Die Therapie der Schlafmittelvergiftung hängt von dem übermäßig eingenommenen Medikament ab. Bei Bewusstlosigkeit sollte der Betroffene von den Personen, die ihn auffinden, bis zum Eintreffen des Notarztes in die stabile Seitenlage gelegt werden und mittels Decken vor Wärmeverlust geschützt werden.
Vergiftungen mit Benzodiazepinen oder Nicht-Benzodiazepin-Agonisten werden bei leichtem Ausmaß für einige Zeit stationär überwacht. Bei starken Vergiftungen wird dem Patienten über einen venösen Zugang das Gegenmittel Flumazenil gegeben. Oft hilft jedoch schon die Gabe von Kohletabletten und Abführmitteln. Wichtig ist eine ausreichende Sauerstoffzufuhr.

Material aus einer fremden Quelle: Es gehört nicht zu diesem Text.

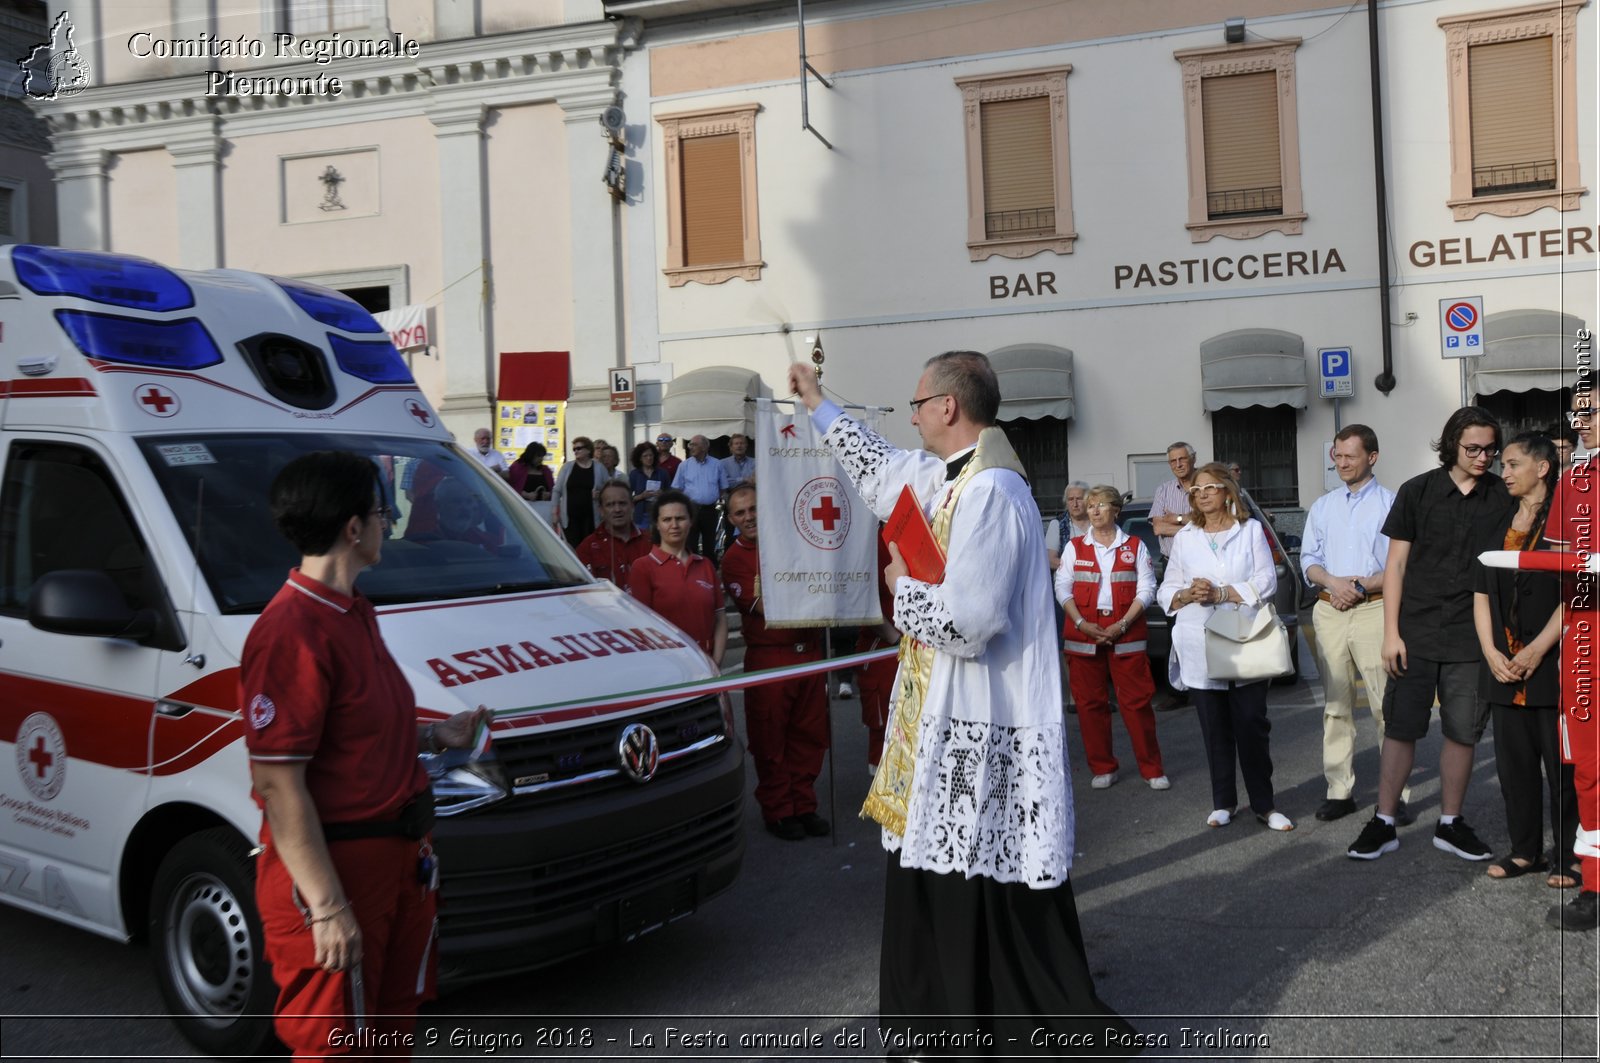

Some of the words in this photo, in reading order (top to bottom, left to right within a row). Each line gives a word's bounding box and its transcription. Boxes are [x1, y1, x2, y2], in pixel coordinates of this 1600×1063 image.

[990, 271, 1058, 299] BAR
[1114, 248, 1347, 290] PASTICCERIA
[1449, 337, 1457, 347] P
[1327, 354, 1343, 374] P
[769, 447, 801, 458] CROCE
[774, 571, 832, 583] COMITATO
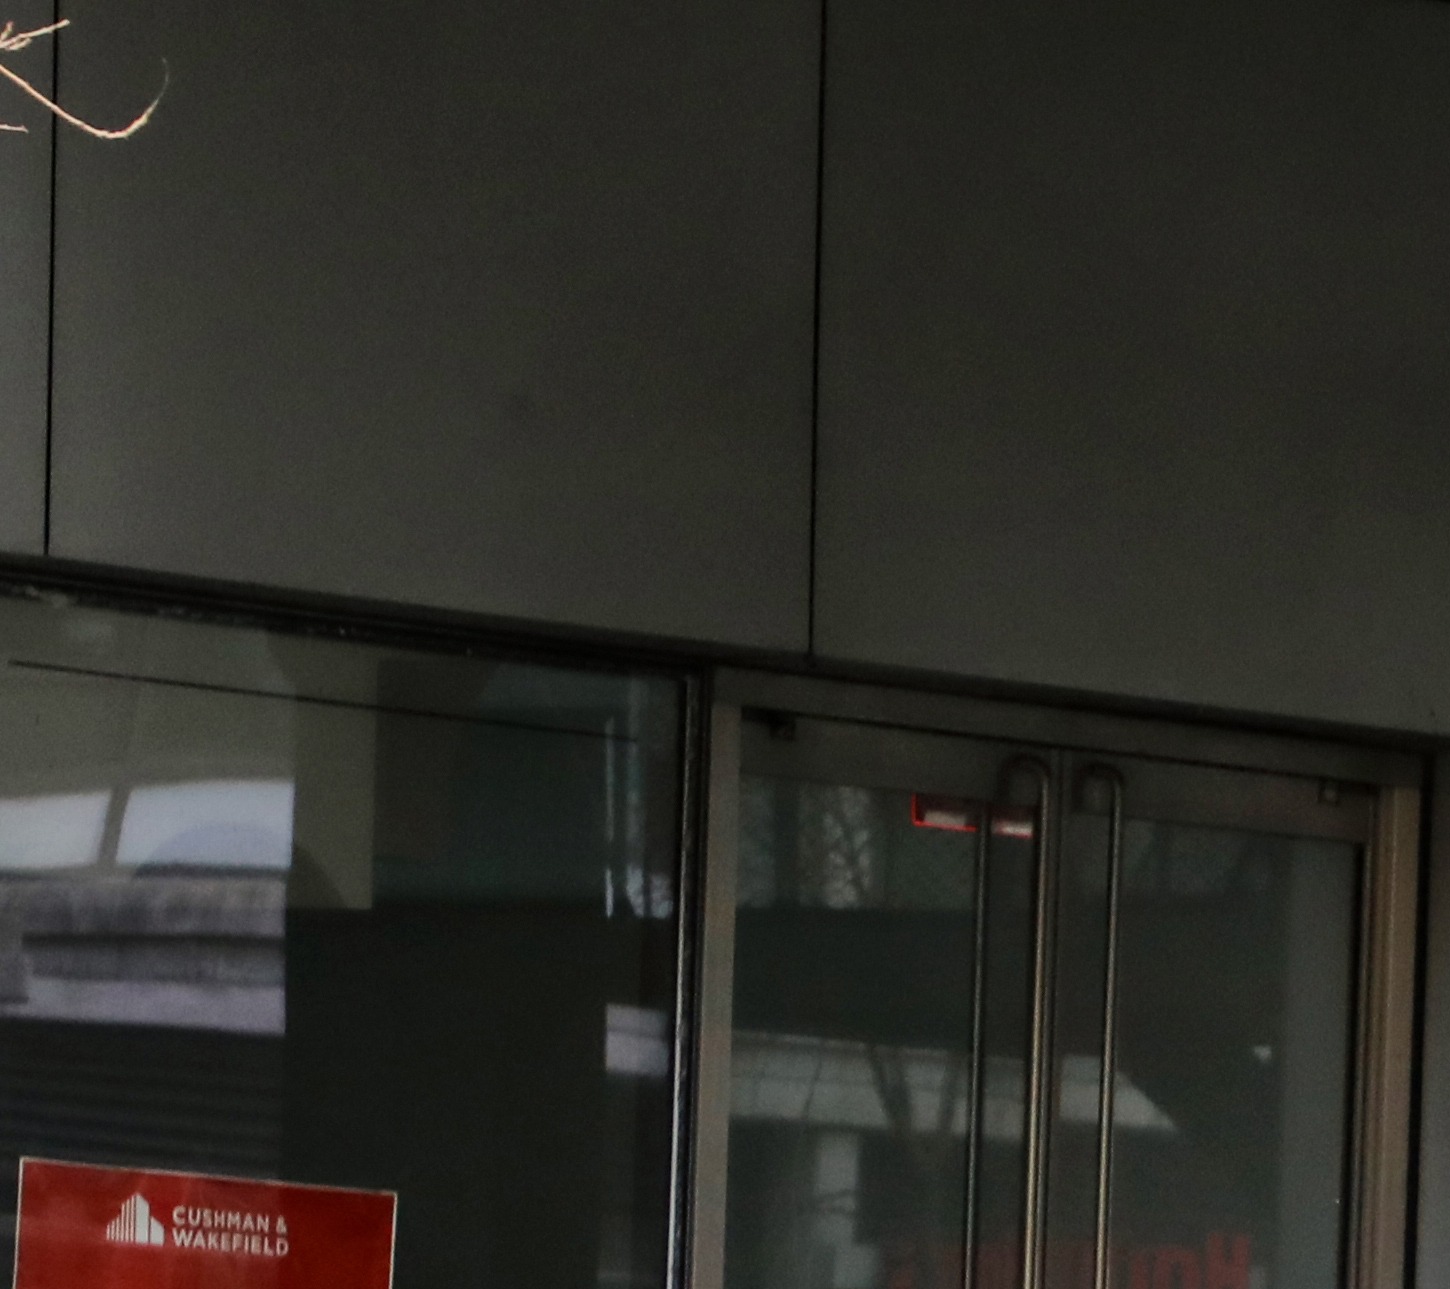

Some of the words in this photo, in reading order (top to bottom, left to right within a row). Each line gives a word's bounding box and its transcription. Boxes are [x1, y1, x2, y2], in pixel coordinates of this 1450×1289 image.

[172, 1205, 270, 1233] CUSHMAN
[276, 1215, 288, 1234] &
[172, 1228, 289, 1257] WAKEFIELD

Bei Barbituratvergiftungen müssen die Ärzte sehr umfangreich therapieren. Der Magen sollte gespült sowie Kohletabletten und Abführmittel gegeben werden. Medikamente zur Wasserausscheidung, zur Erhöhung des Harn-pH-Werts und zum Ausgleich des Wasser-, Elektrolyt- und Säure/Basen-Haushalts müssen verabreicht werden. Bei sehr ausgeprägter Vergiftung muss der Patient an ein Dialysegerät (Blutwäsche) angeschlossen werden. Es sollte sehr ausdauernd reanimiert werden. Wird der Patient stabiler, sollte seine Körperlage häufig verändert werden, da sich sonst aufgrund von Durchblutungsstörungen Blasen bilden können. Ein Gegenmittel ist nicht vorhanden.

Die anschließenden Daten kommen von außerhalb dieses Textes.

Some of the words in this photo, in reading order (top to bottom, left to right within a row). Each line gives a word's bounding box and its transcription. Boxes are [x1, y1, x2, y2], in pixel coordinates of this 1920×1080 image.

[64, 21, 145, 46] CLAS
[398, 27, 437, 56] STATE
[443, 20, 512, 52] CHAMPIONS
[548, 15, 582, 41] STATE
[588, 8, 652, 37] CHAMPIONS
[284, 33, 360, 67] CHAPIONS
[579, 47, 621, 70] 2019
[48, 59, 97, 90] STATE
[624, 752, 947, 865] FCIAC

Bei einer Vergiftung mit Antihistaminika muss zunächst der Kreislauf stabilisiert werden, anschließend sollte der Magen gespült werden. Die auftretenden Komplikationen wie Krämpfe und Benommenheit sollten vom Arzt medikamentös behandelt werden.
Es ist schwierig, genaue Angaben zu der Prognose einer Schlafmittelvergiftung zu machen. Sie hängt ganz entscheidend davon ab, welche Menge Schlafmittel eingenommen wurde und wie viel Zeit zwischen dieser Einnahme und dem Auffinden vergangen ist.

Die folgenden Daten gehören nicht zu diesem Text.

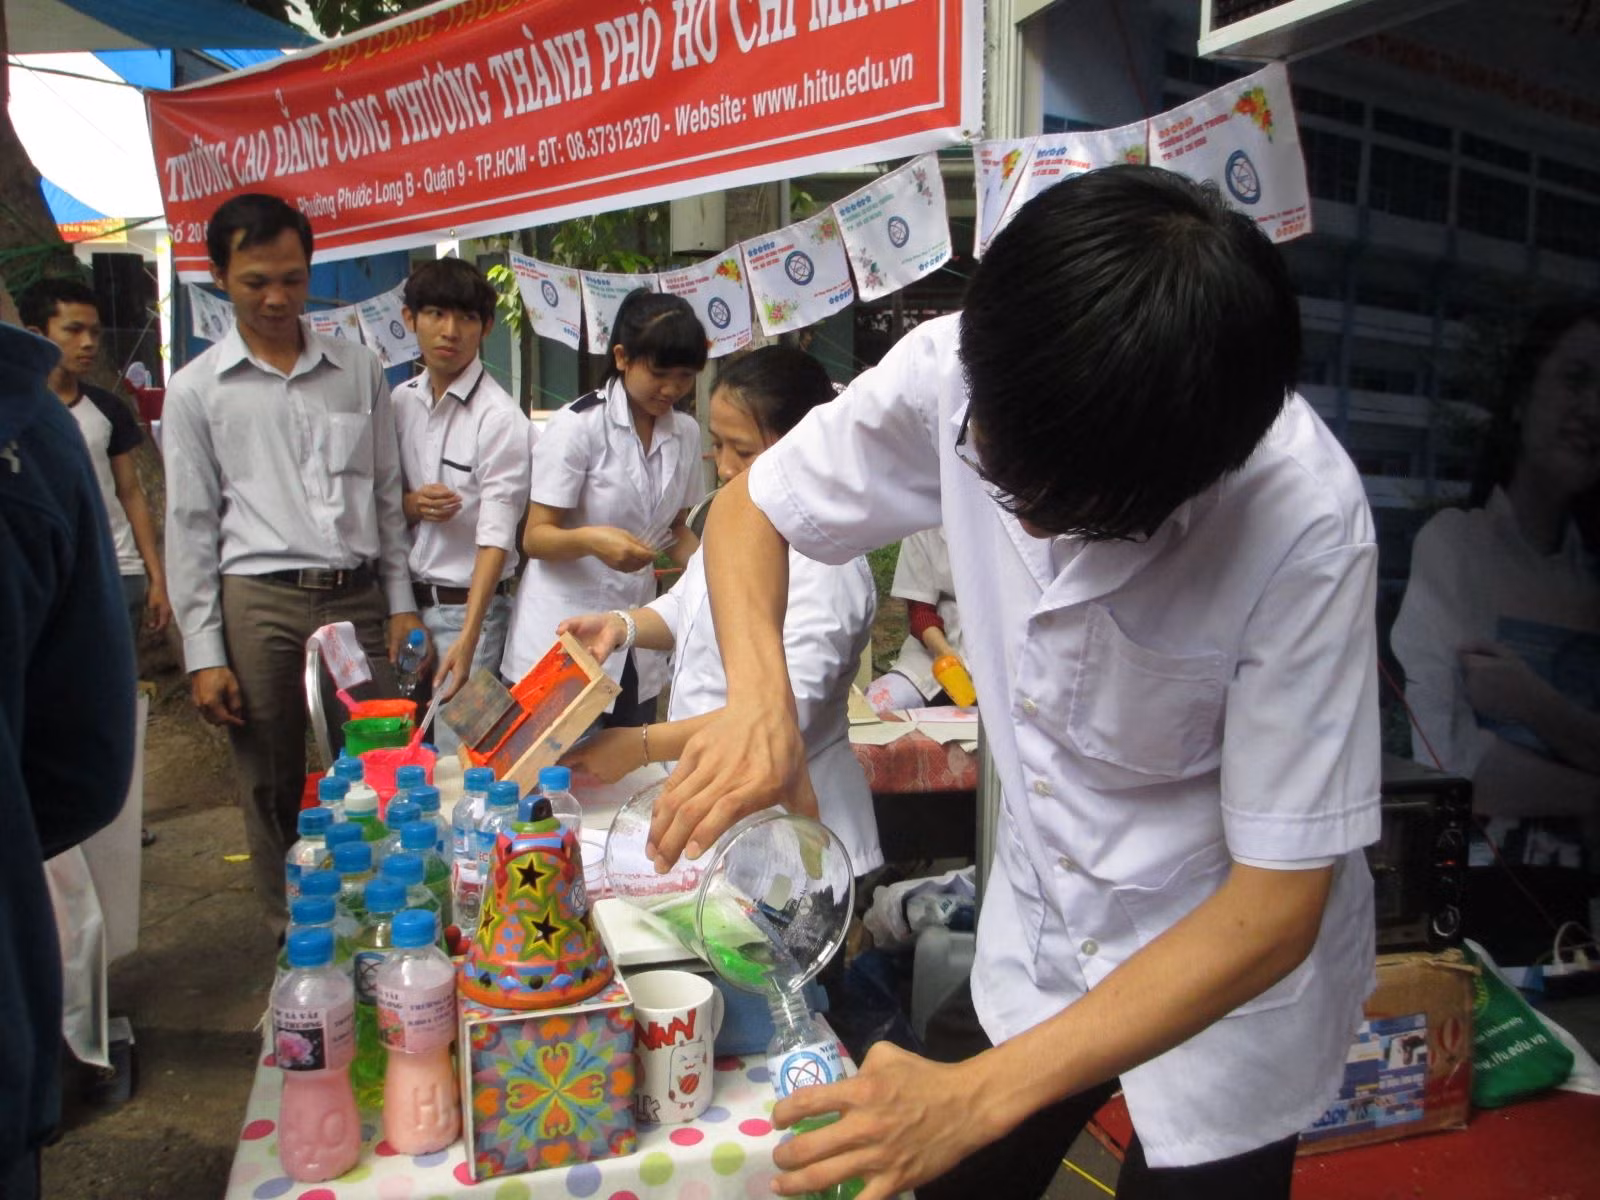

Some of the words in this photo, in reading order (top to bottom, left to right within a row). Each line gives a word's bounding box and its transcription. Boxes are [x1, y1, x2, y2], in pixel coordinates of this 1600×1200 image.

[165, 133, 233, 202] TRƯỜNG
[232, 129, 270, 187] CAO
[272, 88, 328, 177] ĐẲNG
[328, 87, 391, 163] CÔNG
[385, 61, 491, 146] THƯƠNG
[487, 23, 592, 119] THÀNH
[187, 222, 204, 243] 20
[297, 192, 336, 219] Phường
[337, 182, 372, 210] Phước
[375, 180, 404, 206] Long
[405, 172, 414, 197] B
[423, 163, 455, 195] Quận
[457, 160, 465, 186] 9
[476, 144, 527, 181] TP.HCM
[538, 136, 565, 168] ĐT:
[566, 113, 660, 162] 08.37312370
[675, 95, 747, 137] Website:
[752, 53, 913, 118] www.hitu.edu.vn

Bitte achten Sie darauf, die Schlafmittel ebenso wie alle anderen Medikamente außerhalb der Reichweite von Kindern aufzubewahren. Sollten Sie Schlafmittel einnehmen, halten Sie sich an die empfohlene Dosis und trinken sie bitte gleichzeitig keinen Alkohol.
Sollten Sie einen Menschen, der vermutlich eine Überdosis an Schlafmitteln eingenommen hat, bewusstlos auffinden, alarmieren Sie den Notarzt, legen Sie den Bewusstlosen in die stabile Seitenlage und schützen Sie ihn mit Decken vor Wärmeverlust.
Letzte Aktualisierung am 24.06.2021.